◎アピール


綾くく

図書室で座学の宿題に必要な資料を閲覧していると、いつの間にか目の前に四年い組の綾部喜八郎が居た。俺は気配を感じなかったことに少しだけ驚く。奇人と言われていてもやはり四年生であり、い組の生徒なのだ。

「せんぱい」
「…図書室で喋るな」
「わかりました」

綾部は素直に頷くと、席を立って一冊の書物を持って戻ってきた。それは穴掘りばかりの綾部が到底興味を持ちそうな題名ではなかったが、綾部が懐からプリントを取り出したのを見て、宿題のために図書室に来たのかと納得した。

それからしばらく俺は資料を閲覧すると、席を立って自室に戻ることにした。閲覧していた書物は持ち出し禁止だったのだ。立ち上がると、綾部が俺をちらりと見て書物とプリントを片付けだした。宿題は途中に見えたのだが、いいのだろうか。

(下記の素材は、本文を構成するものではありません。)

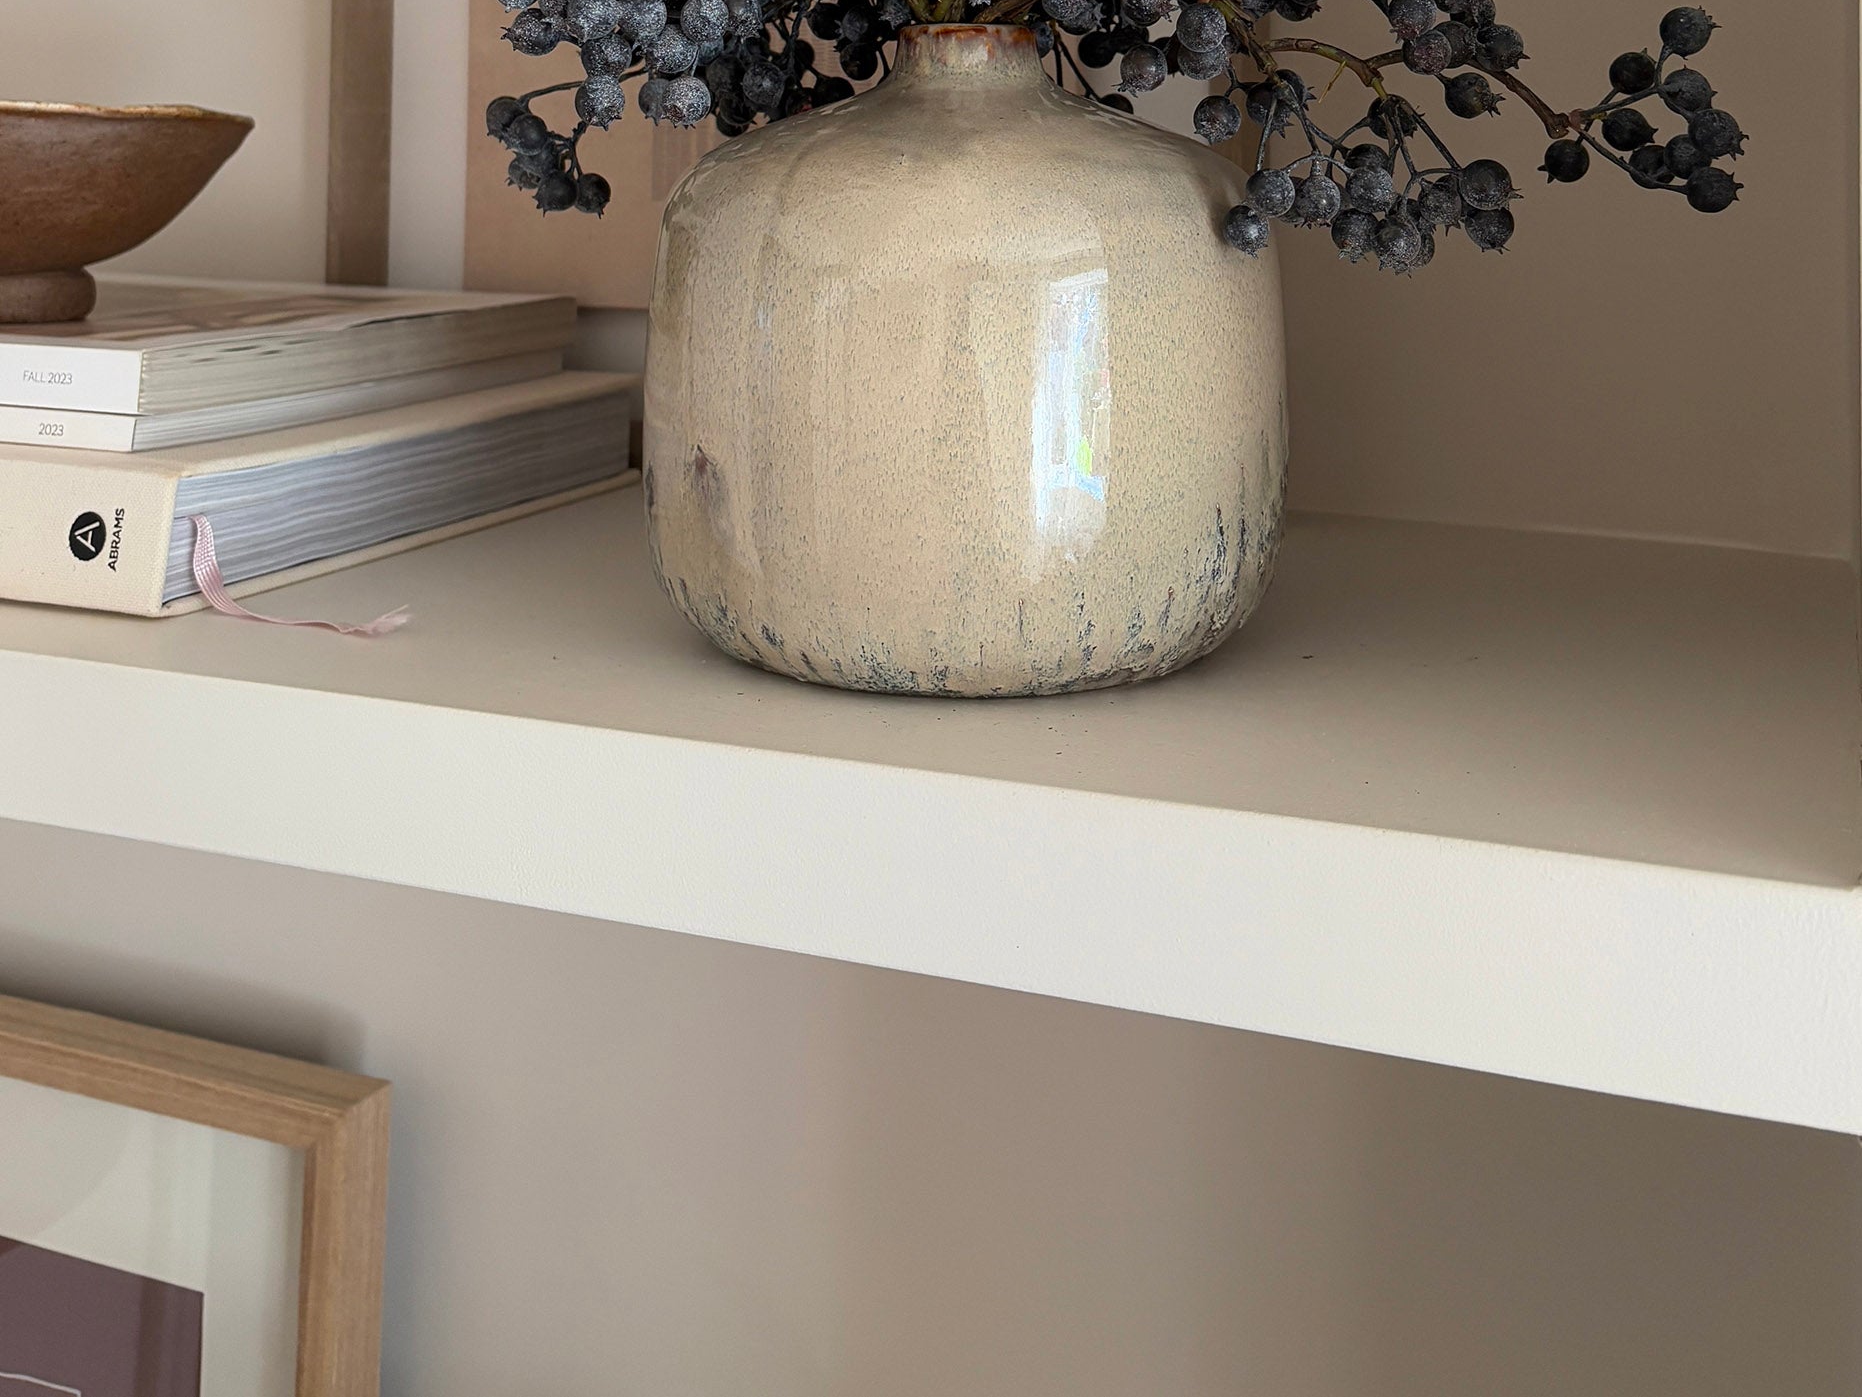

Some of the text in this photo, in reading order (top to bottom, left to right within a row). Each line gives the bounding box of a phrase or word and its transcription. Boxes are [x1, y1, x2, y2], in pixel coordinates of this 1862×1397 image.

[23, 370, 73, 385] FALL 2023
[38, 422, 65, 437] 2023
[74, 521, 100, 553] A
[107, 508, 125, 572] ABRAMS

図書室を出て廊下を進むと、遅れて綾部が図書室から出る気配を感じた。そして早足で俺に近寄ってくる。

「せんぱい」
「どうしたんだ、綾部」
「いえ、とくに用はないのです」
「そうか」
「ただ、せんぱいと一緒にいたいのです」

だめですか、なんて聞いてくる綾部に、俺は歩みを止めてため息を吐く。つまり図書室へは俺を探して辿り着いたのだろう。いつの間にか俺は、この学園指折りの不思議ちゃんに懐かれたようだ。

「別にいいが。俺は自室で宿題をやるから構えないぞ」
「かまいません。ただ、一緒にいたいのです」

つまり俺の部屋にも付いてくるという意思に、俺は二度目のため息を飲み込む。幸せが逃げるとは信じていないが、あまり目の前でため息を吐くのはどうかと思うからだ。

「なら好きにするといい」
「ありがとうございます」

無表情だが何処か嬉しそうな綾部に、俺は三度目のため息を飲み込んだ。本当に、綾部喜八郎はいつ俺に懐いたのだろうか。





アピール
(はあ、豆腐が恋しくなってきた)



※久々知さんは自分も学園指折りの不思議ちゃんだと気がついていません。